在过去的10多年中，基于质谱技术的蛇毒组学研究使人们对蛇毒成分的了解快速增长，与此关联的“抗毒素组学(antivenomics)[30]”应运而生，是抗蛇毒血清效价临床前评估方法的重要革新.抗毒素组学被认为是一种翻译性的蛇毒组学，是以大规模解析蛇毒蛋白组构成特征为前提结合免疫沉淀/亲和吸附技术发展起来的一项研究策略，旨在完善传统抗蛇毒血清效价的体内临床前评估策略的不足.其原理是将蛇毒与抗蛇毒血清按一定的含量比予以孵育，通过检测抗蛇毒血清中和/吸附蛇毒不同组分及含量来衡量抗蛇毒血清对蛇毒的免疫中和能力.尽管一些研究基于毒素组学的结果，直接应用ELISA或western blot等技术评估抗蛇毒血清对蛇毒不同液相分离峰的中和效果[31-35]，但各类毒素组分可能因分子量等理化特性的差异影响其被固相材料(如96孔酶标板)吸附效果的均一性或转膜速度的一致性，不利于评估的精准性.目前，抗毒素组学策略已更新迭代至第三代，能够实现可视化评估抗蛇毒血清对蛇毒的定性定量识别吸附能力，可较为准确地计量抗蛇毒血清对蛇毒中各种毒素蛋白的最大结合能力.
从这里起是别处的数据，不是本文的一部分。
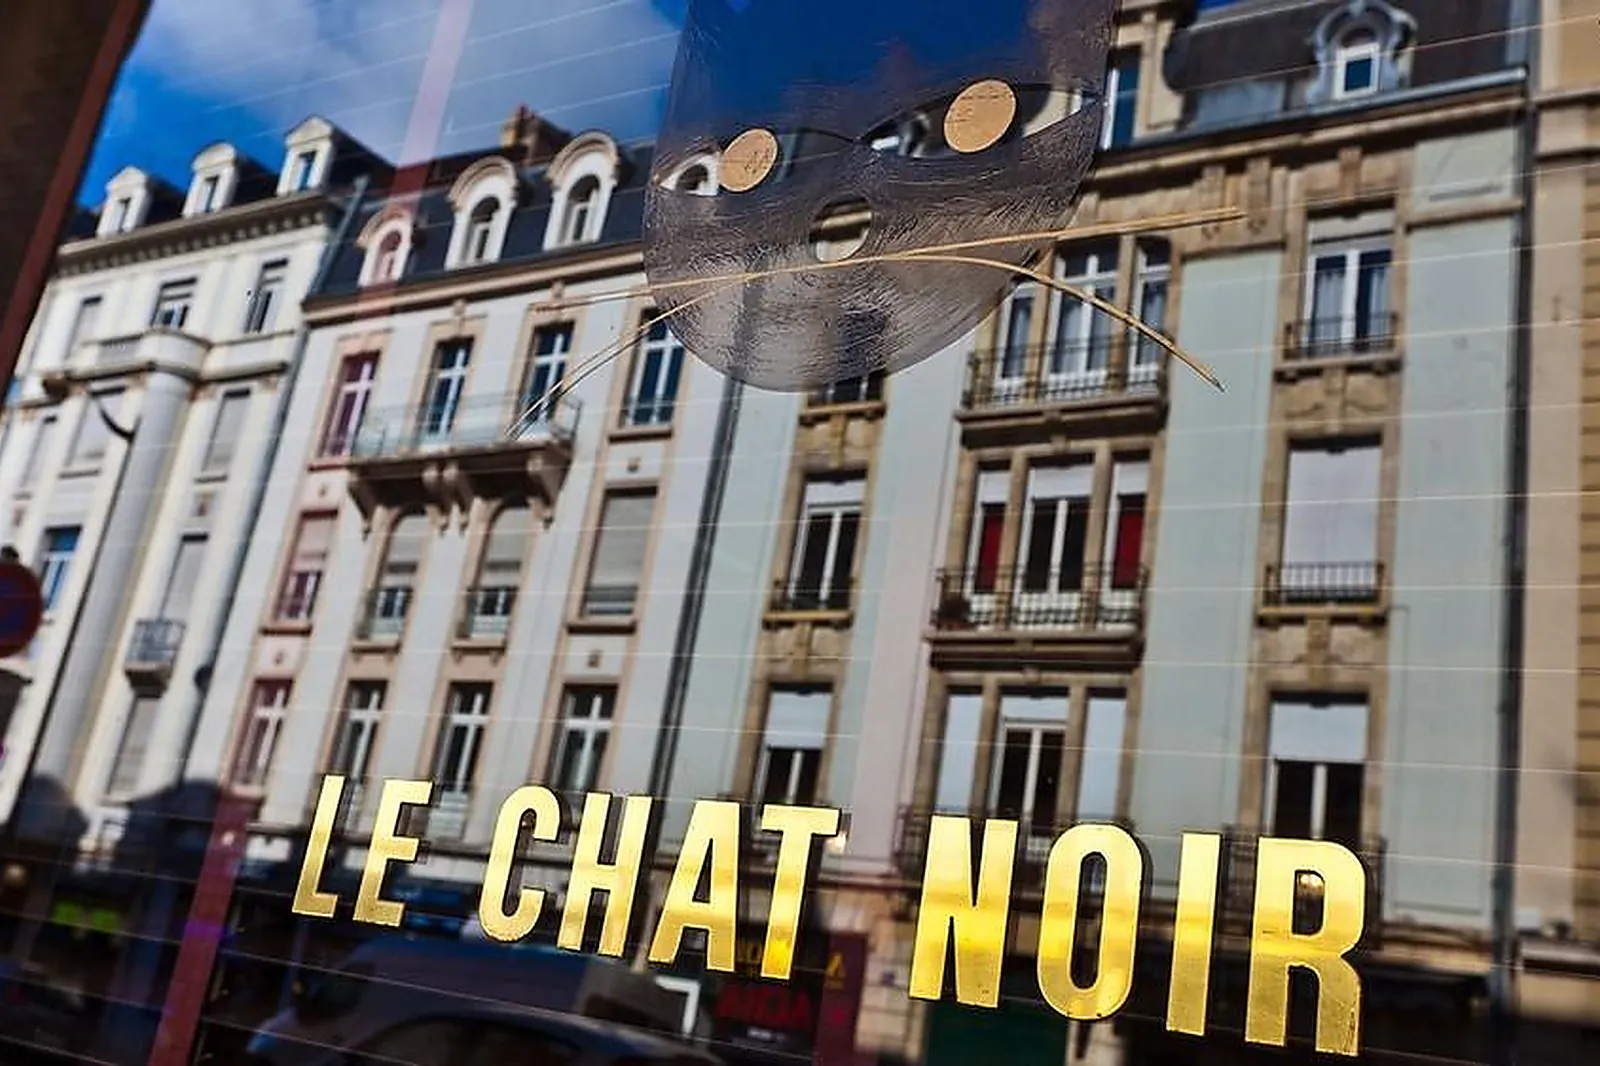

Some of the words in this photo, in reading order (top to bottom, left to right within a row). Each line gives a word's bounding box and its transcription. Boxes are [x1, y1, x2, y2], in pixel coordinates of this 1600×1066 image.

[292, 775, 433, 927] LE
[477, 785, 840, 980] CHAT
[909, 815, 1366, 1057] NOIR
基于抗原抗体免疫沉淀原理，第一代抗毒素组学是将蛇毒与抗蛇毒血清按一定的配比(眼镜蛇科蛇毒1∶8，蝰科蛇毒1∶20)进行孵育，随后用RP-HPLC表征上清液中尚未被抗体识别的蛇毒组分(包括部分被免疫沉淀和无法被免疫沉淀的组分)[30,35].液相分离峰与事先经液相分离-凝胶电泳-质谱表征的蛇毒组学结果进行比对，具有相同保留时间的分离峰被认为是相同组分，以峰面积量化各组分的相对含量，最终基于上清液中所留存的蛇毒组分的类型与含量来评估抗蛇毒血清对蛇毒的免疫识别能力[30].第一代抗毒素组学策略(图2)自2008年首次提出后一直被沿用至2012年，至少在10种商用或实验室制备的抗蛇毒血清的效价评估中成功获得了实践[30,35-36].然而，该方法涉及的抗蛇毒血清需一次性消耗使用，不利于结果的重复检验，且易造成抗蛇毒血清的浪费.

图2 第一代抗毒素组学策略流程图(改编自Petras等[35])Fig.2 Schematic representation of the first generation antivenomics (adapted from Petras et al.[35])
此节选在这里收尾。